Conv2d 和avgpool和傳統CNN里的操作一樣;最大的特點是bottleneck,一個bottleneck由如下三個部分構成:
對於s=1, 一個inverted residuals結構的Multiply Add:
特別的,針對stride=1 和stride=2,在block上有稍微不同,主要是為了與shortcut的維度匹配,因此,stride=2時,不采用shortcut。 具體如下圖:
注意
可以發現,除了最后的avgpool,整個網絡並沒有采用pooling進行下采樣,而是利用stride=2來下采樣,此法已經成為主流。
5. 代碼
根據 keras 官方的 Mobilenetv2 修改而得,去掉了一些參數檢查,只寫了網絡結構部分。有以下幾個點是值得注意的:
- stride=2時候的補0操作
- 卷積替代Dense操作
- inverted_res_block
"""MobileNet v2 models for Keras.
MobileNetV2 is a general architecture and can be used for multiple use cases.
Depending on the use case, it can use different input layer size and
different width factors.

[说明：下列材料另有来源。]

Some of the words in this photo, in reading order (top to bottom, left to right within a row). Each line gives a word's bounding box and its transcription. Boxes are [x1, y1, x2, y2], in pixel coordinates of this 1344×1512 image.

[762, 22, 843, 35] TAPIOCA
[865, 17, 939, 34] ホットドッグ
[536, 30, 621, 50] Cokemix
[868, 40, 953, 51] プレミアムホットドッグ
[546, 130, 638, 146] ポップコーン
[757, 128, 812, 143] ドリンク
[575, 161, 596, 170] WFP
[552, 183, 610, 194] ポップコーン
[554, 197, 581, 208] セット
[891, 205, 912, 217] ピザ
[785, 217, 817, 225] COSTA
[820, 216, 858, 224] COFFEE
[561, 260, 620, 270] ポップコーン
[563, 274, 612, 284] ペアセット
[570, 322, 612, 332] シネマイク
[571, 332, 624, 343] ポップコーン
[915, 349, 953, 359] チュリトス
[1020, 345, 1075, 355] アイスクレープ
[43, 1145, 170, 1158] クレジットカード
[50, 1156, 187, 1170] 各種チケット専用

This allows different width models to reduce
the number of multiply-adds and thereby
reduce inference cost on mobile devices.
MobileNetV2 is very similar to the original MobileNet,
except that it uses inverted residual blocks with
bottlenecking features. It has a drastically lower
parameter count than the original MobileNet.

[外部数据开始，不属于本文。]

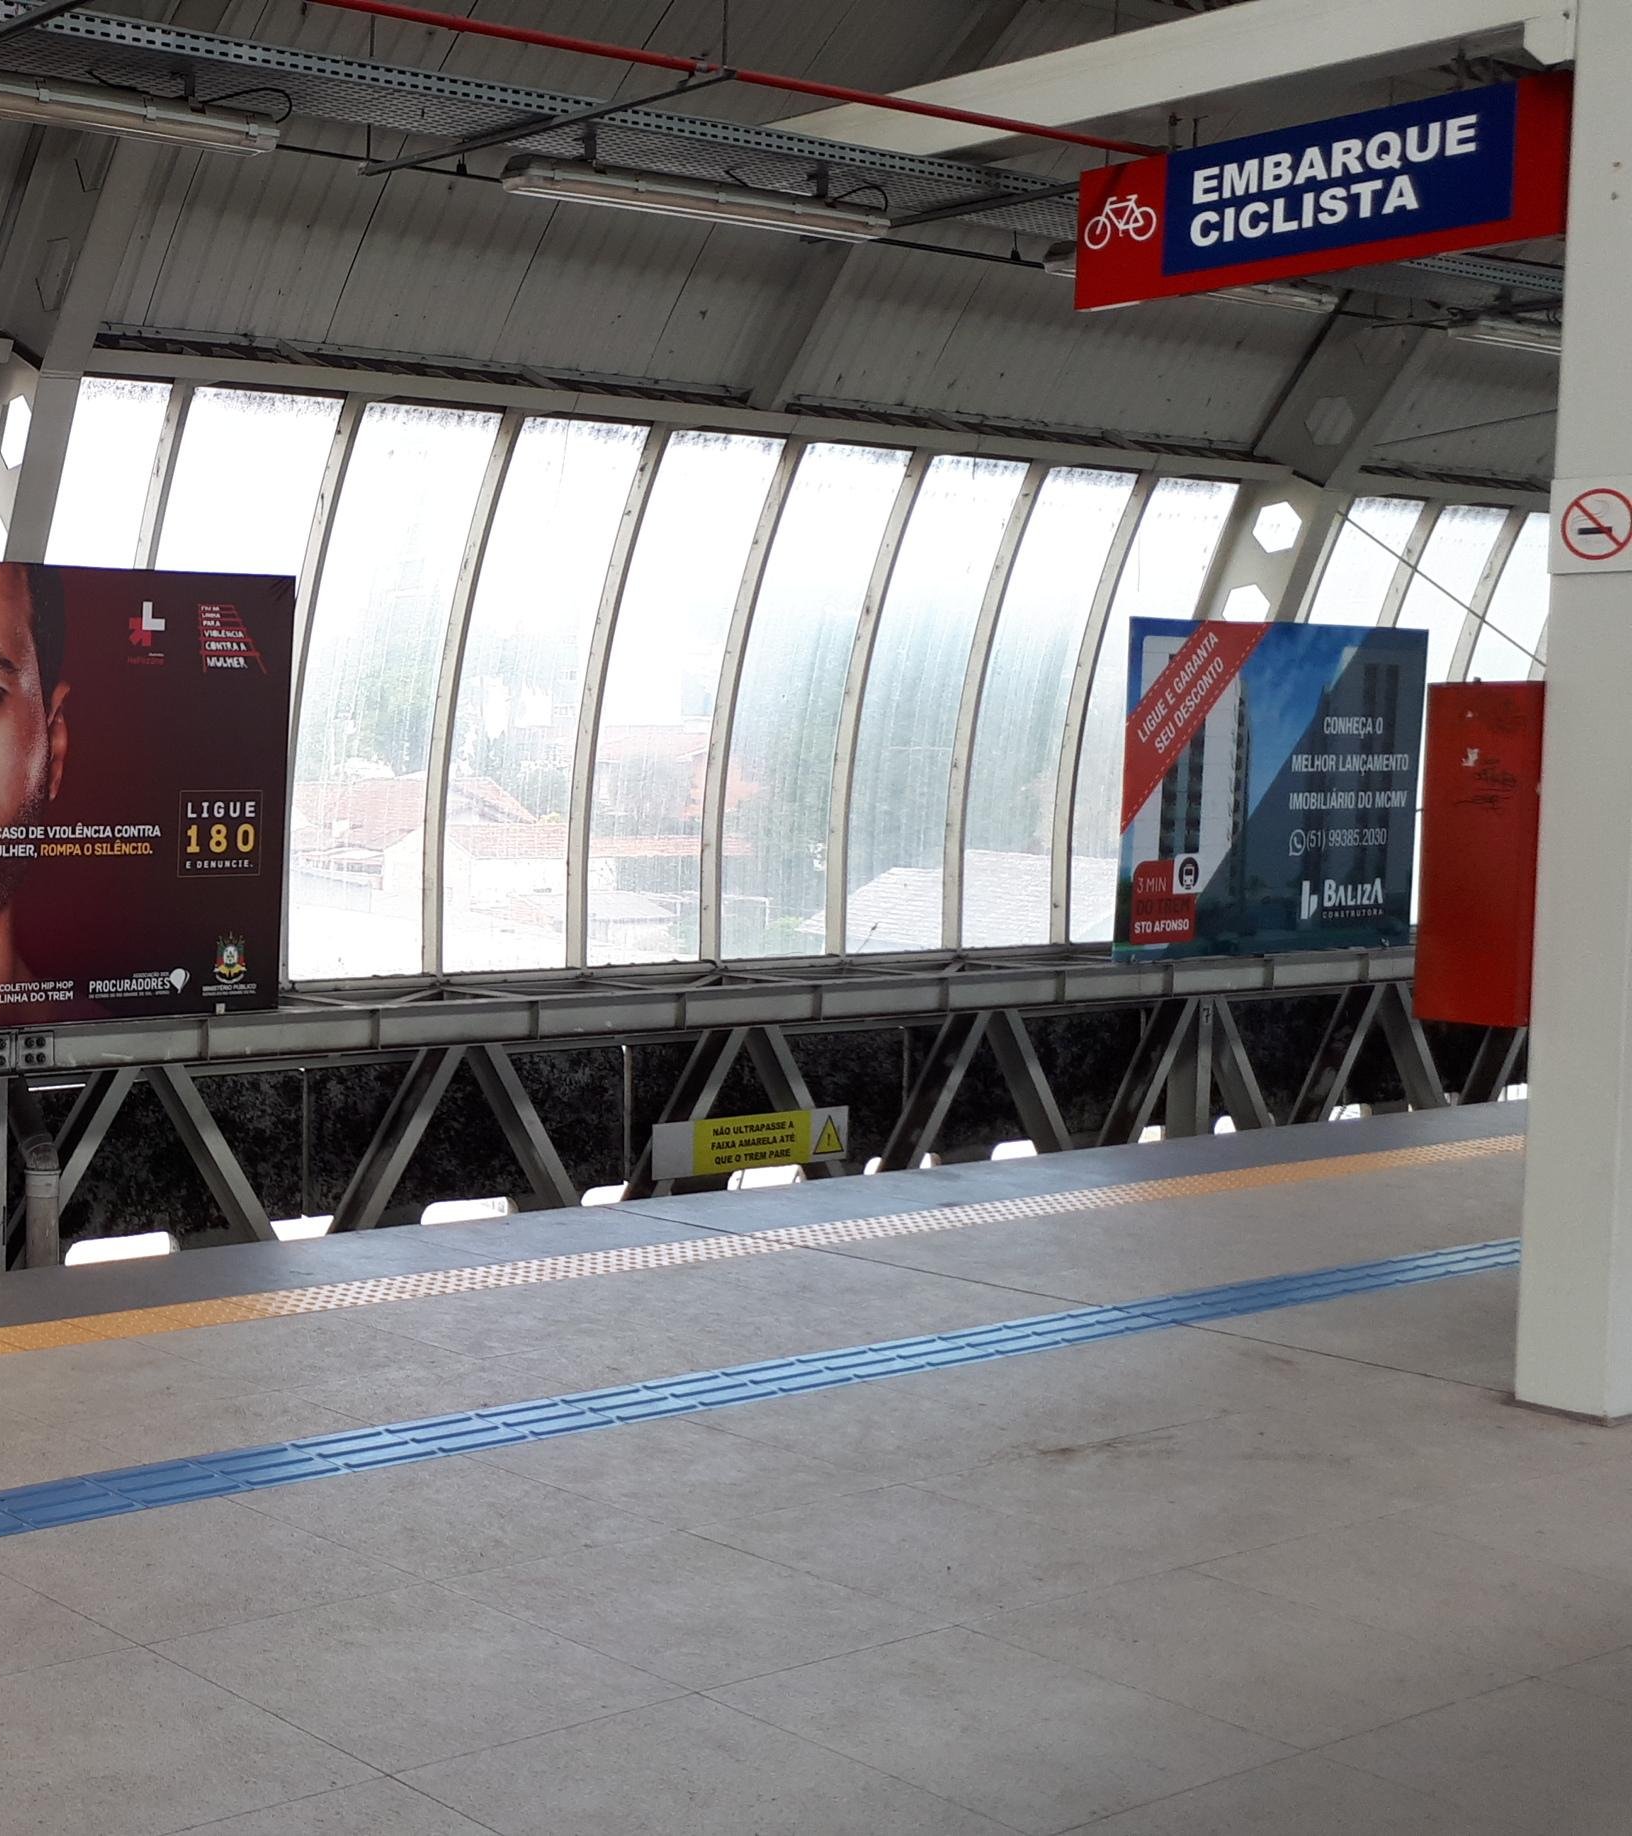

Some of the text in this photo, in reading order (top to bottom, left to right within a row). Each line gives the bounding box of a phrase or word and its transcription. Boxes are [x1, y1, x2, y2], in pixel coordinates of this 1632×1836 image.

[1191, 114, 1479, 204] EMBARQUE
[1189, 173, 1418, 247] CICLISTA
[205, 641, 247, 651] CONTRA A
[207, 656, 248, 669] MULHER
[1137, 631, 1219, 743] LIGUE E GARANTA
[1155, 656, 1225, 754] SEU DESCONTO
[1323, 716, 1383, 739] CONHEÇA O
[1291, 754, 1409, 776] MELHOR LANÇAMENTO
[1289, 788, 1407, 810] IMOBILIÁRIO DO MCMV
[186, 800, 257, 818] LIGUE
[28, 826, 45, 839] DE
[47, 822, 112, 838] VIOLÊNCIA
[114, 825, 161, 838] CONTRA
[185, 823, 256, 853] 180
[40, 843, 82, 856] ROMPA
[83, 843, 92, 855] O
[94, 839, 153, 855] SILÊNCIO.
[1306, 827, 1387, 852] (51) 99385.2030
[185, 859, 254, 869] E DENUNCIE.
[1136, 876, 1167, 893] 3 MIN
[1323, 878, 1384, 908] BALIZA
[1322, 909, 1384, 919] CONSTRUTORA
[1134, 918, 1190, 934] STO AFONSO
[41, 981, 55, 991] HIP
[56, 980, 74, 990] HOP
[88, 977, 170, 993] PROCURADORES
[30, 991, 45, 1002] DO
[46, 990, 74, 1002] TREM
[712, 1120, 795, 1136] NÃO ULTRAPASSE A
[710, 1134, 796, 1151] FAIXA AMARELA ATÉ
[714, 1149, 792, 1165] QUE O TREM PARE

MobileNets support any input size greater
than 32 x 32, with larger image sizes
offering better performance.
The number of parameters and number of multiply-adds
can be modified by using the `alpha` parameter,
which increases/decreases the number of filters in each layer.
By altering the image size and `alpha` parameter,
all 22 models from the paper can be built, with ImageNet weights provided.

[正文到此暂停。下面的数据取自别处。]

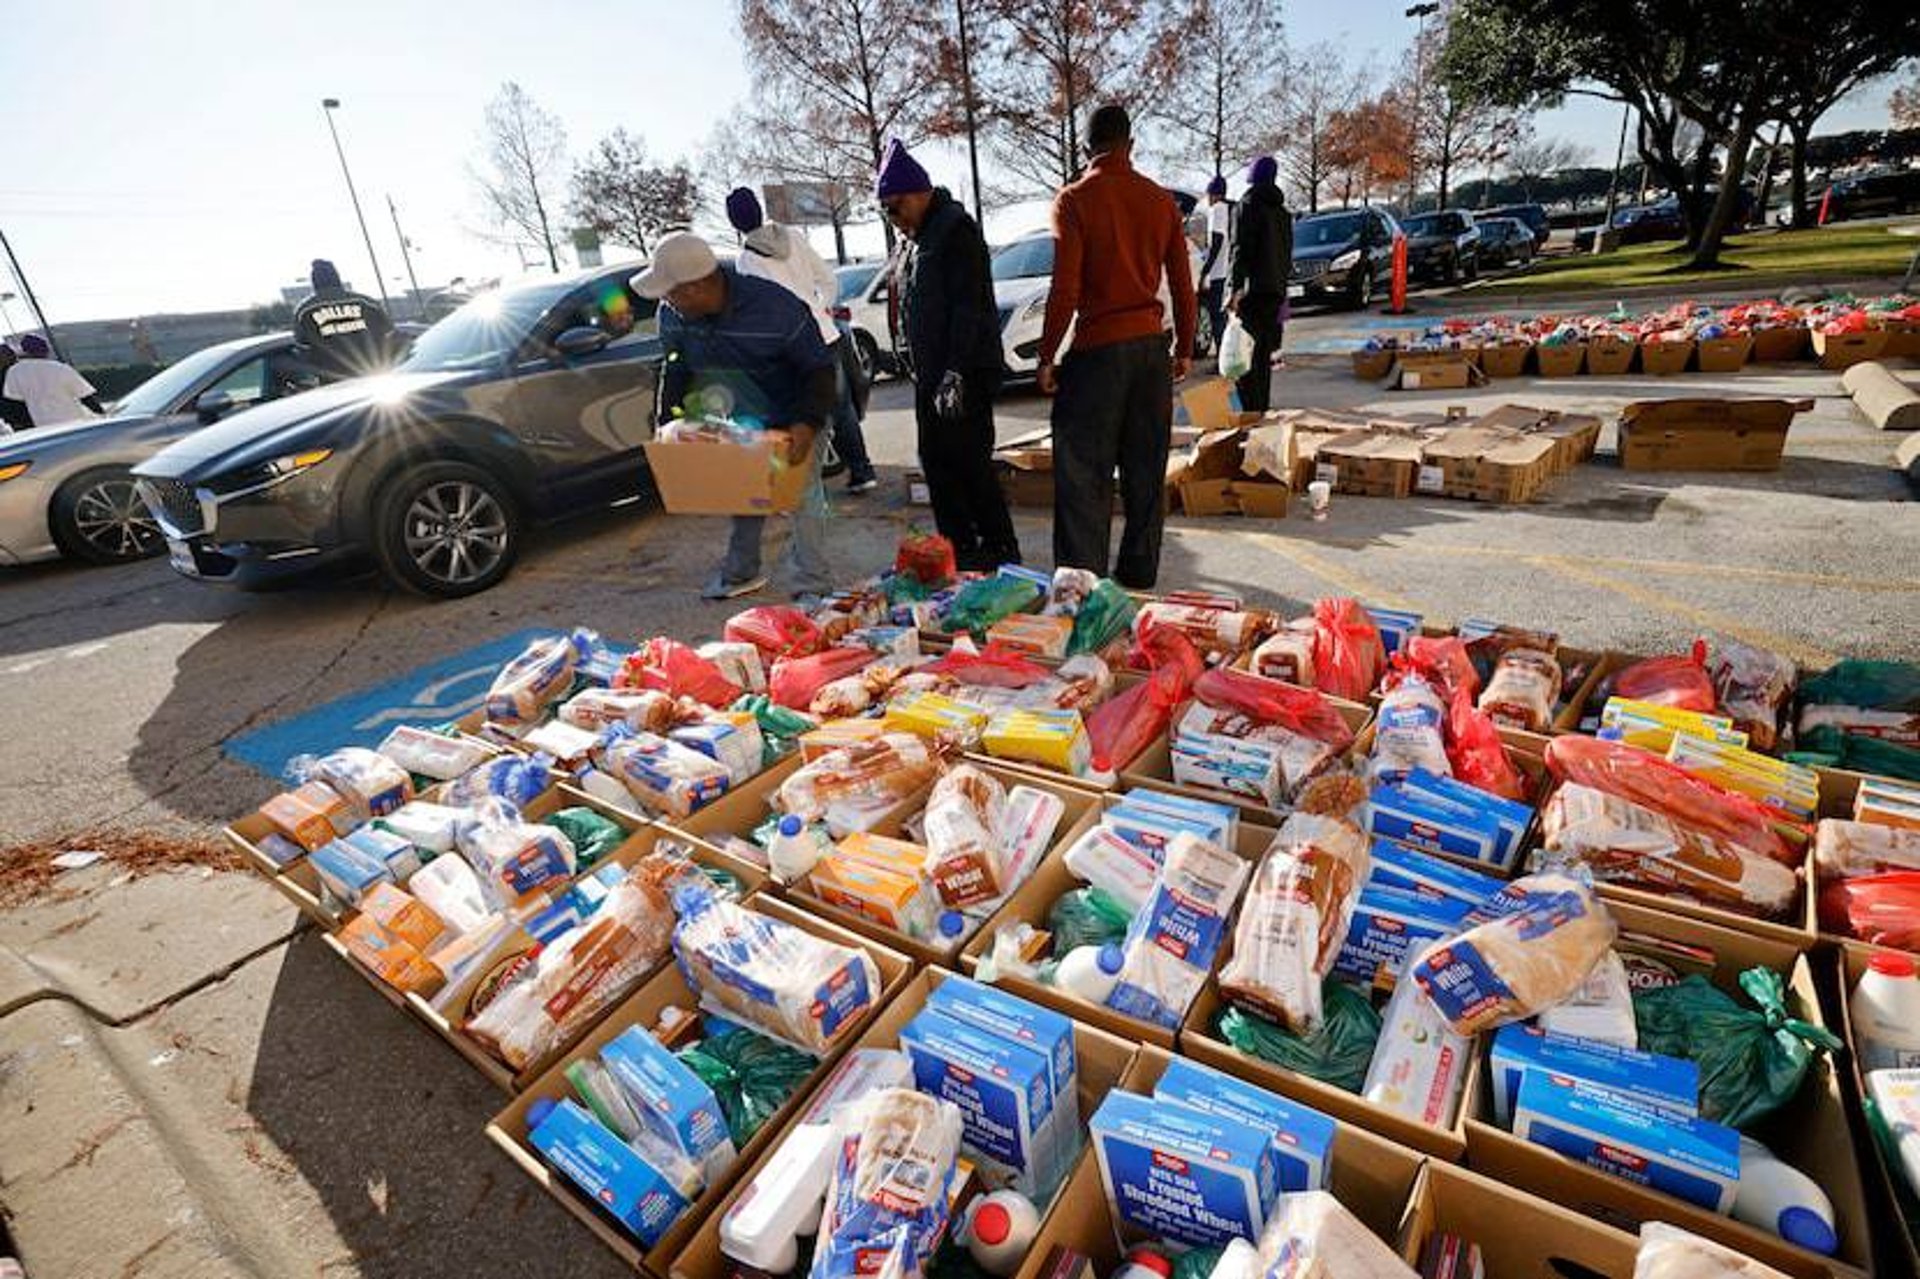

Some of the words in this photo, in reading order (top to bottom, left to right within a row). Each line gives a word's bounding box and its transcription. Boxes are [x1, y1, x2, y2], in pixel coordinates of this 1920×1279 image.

[311, 304, 362, 327] DALLAS
[1159, 914, 1201, 949] White
[1433, 961, 1475, 992] White
[1147, 1176, 1204, 1208] Frosted
[1121, 1183, 1191, 1219] Shredded
[1192, 1206, 1244, 1235] Wheat

The paper demonstrates the performance of MobileNets using `alpha` values of
1.0 (also called 100 % MobileNet), 0.35, 0.5, 0.75, 1.0, 1.3, and 1.4
For each of these `alpha` values, weights for 5 different input image sizes
are provided (224, 192, 160, 128, and 96).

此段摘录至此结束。